Exercise description:
Exactly as they appear, reproduce the lines from the one holding "this 1600×1200 image." through the last line of the material below.

Excerpted records:
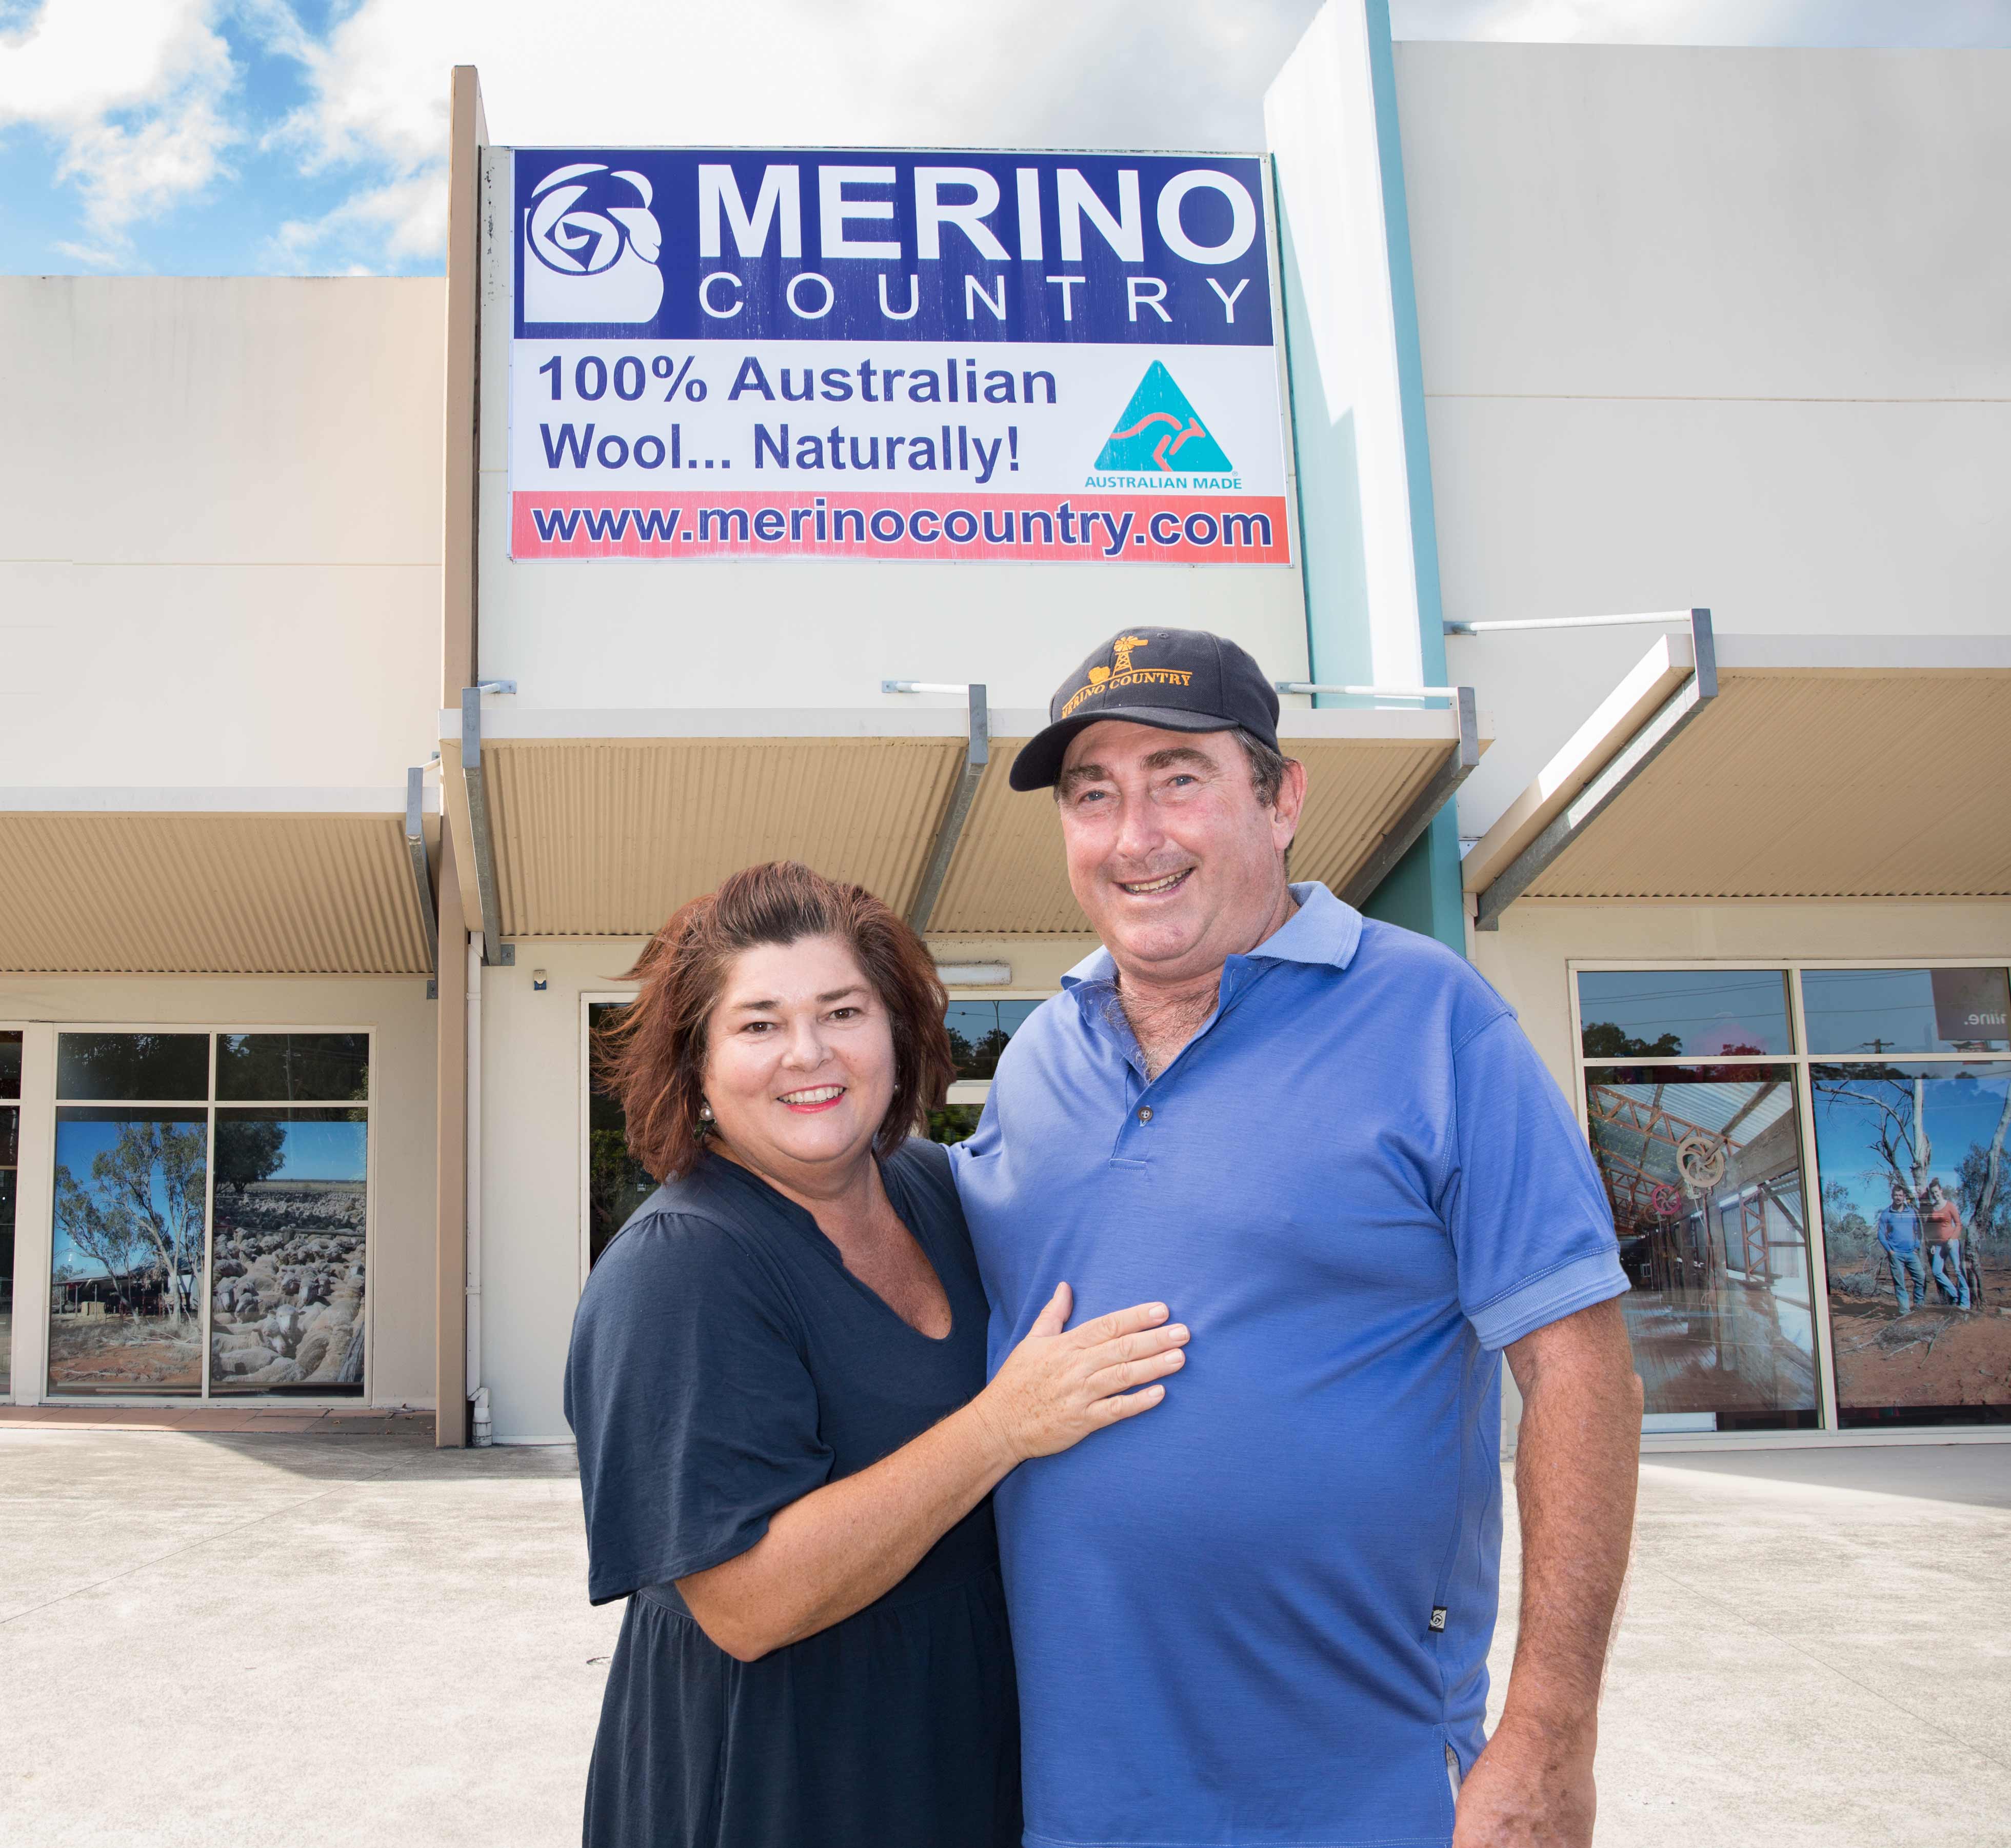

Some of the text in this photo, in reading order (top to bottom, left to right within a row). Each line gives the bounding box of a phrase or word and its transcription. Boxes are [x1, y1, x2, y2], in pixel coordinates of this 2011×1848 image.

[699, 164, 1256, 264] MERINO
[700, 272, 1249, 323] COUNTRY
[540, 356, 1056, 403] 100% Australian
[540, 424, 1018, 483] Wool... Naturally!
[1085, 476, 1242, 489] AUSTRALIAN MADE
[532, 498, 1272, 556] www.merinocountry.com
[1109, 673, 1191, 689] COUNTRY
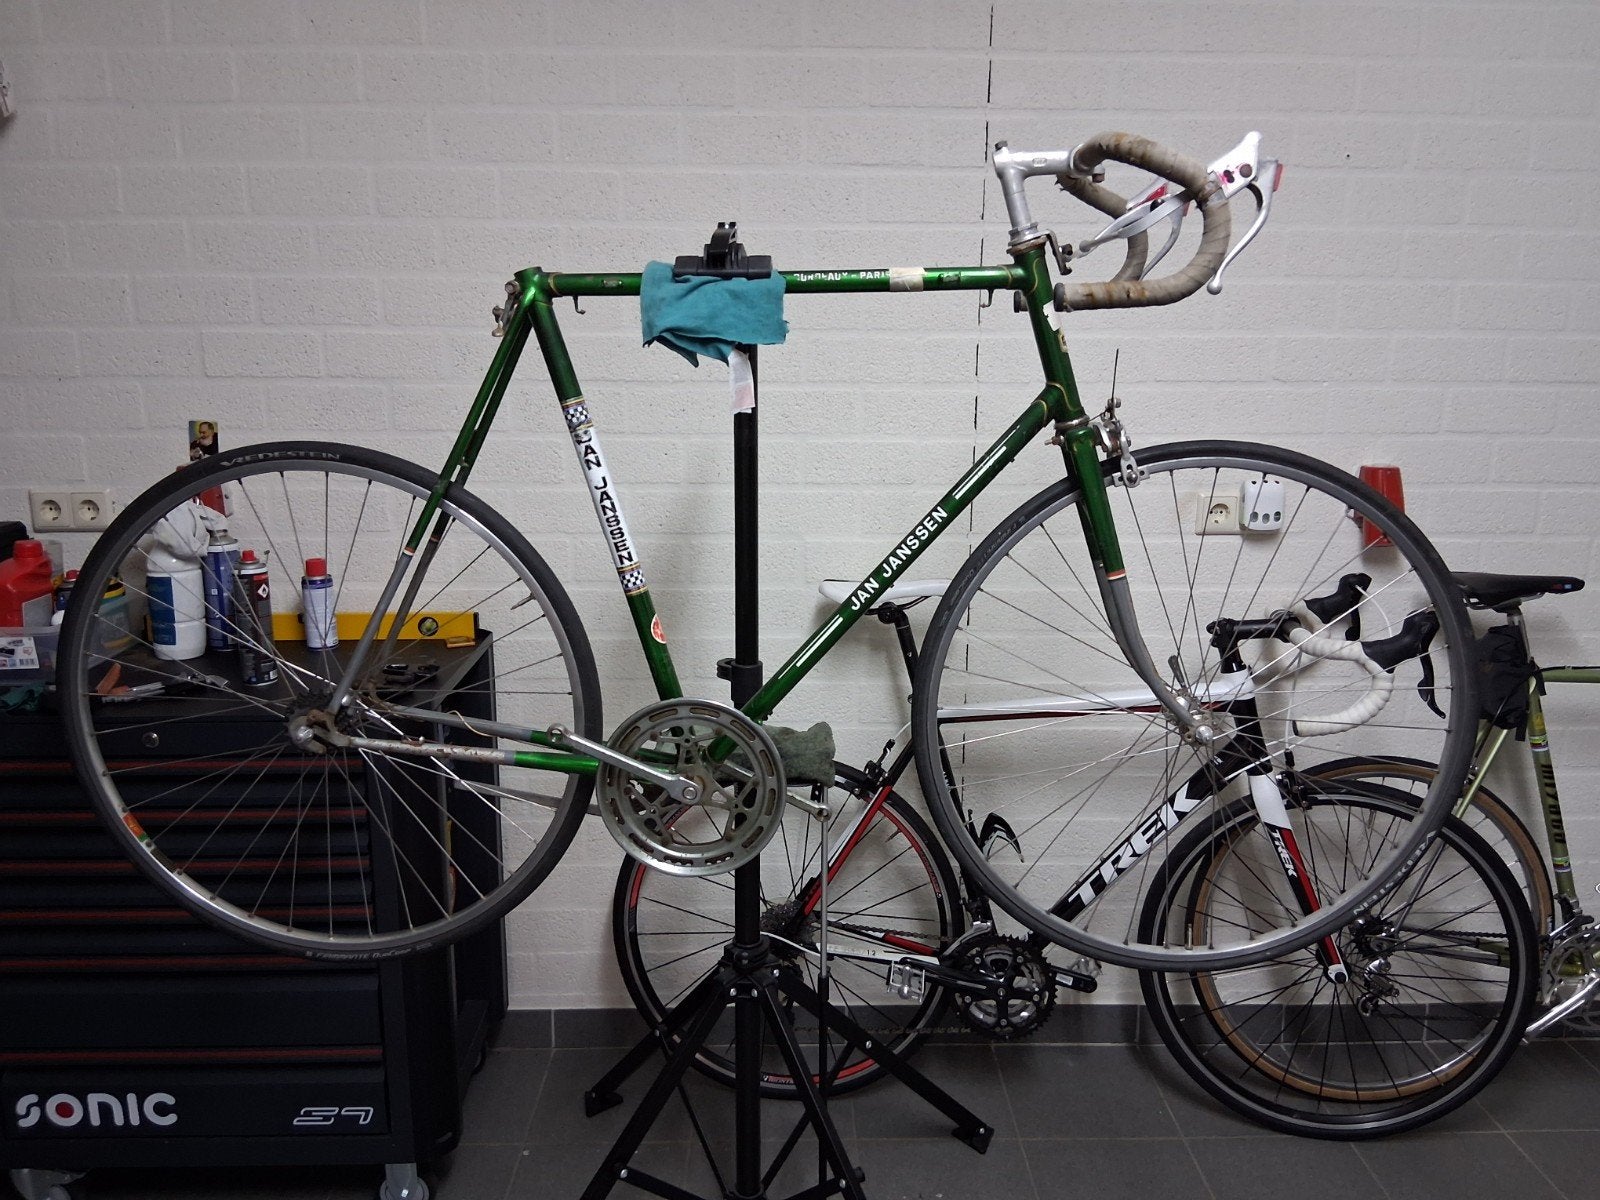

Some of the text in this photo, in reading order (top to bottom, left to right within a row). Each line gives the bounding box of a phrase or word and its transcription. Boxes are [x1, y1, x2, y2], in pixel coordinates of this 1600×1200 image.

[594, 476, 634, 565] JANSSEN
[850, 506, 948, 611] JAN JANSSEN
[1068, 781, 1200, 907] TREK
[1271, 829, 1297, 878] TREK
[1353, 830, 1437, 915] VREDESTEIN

Your solution:
Some of the text in this photo, in reading order (top to bottom, left to right within a row). Each line gives the bounding box of a phrase or word and its transcription. Boxes are [x1, y1, x2, y2], in pixel coordinates of this 1600×1200 image.

[594, 476, 634, 565] JANSSEN
[850, 506, 948, 611] JAN JANSSEN
[1068, 781, 1200, 907] TREK
[1271, 829, 1297, 878] TREK
[1353, 830, 1437, 915] VREDESTEIN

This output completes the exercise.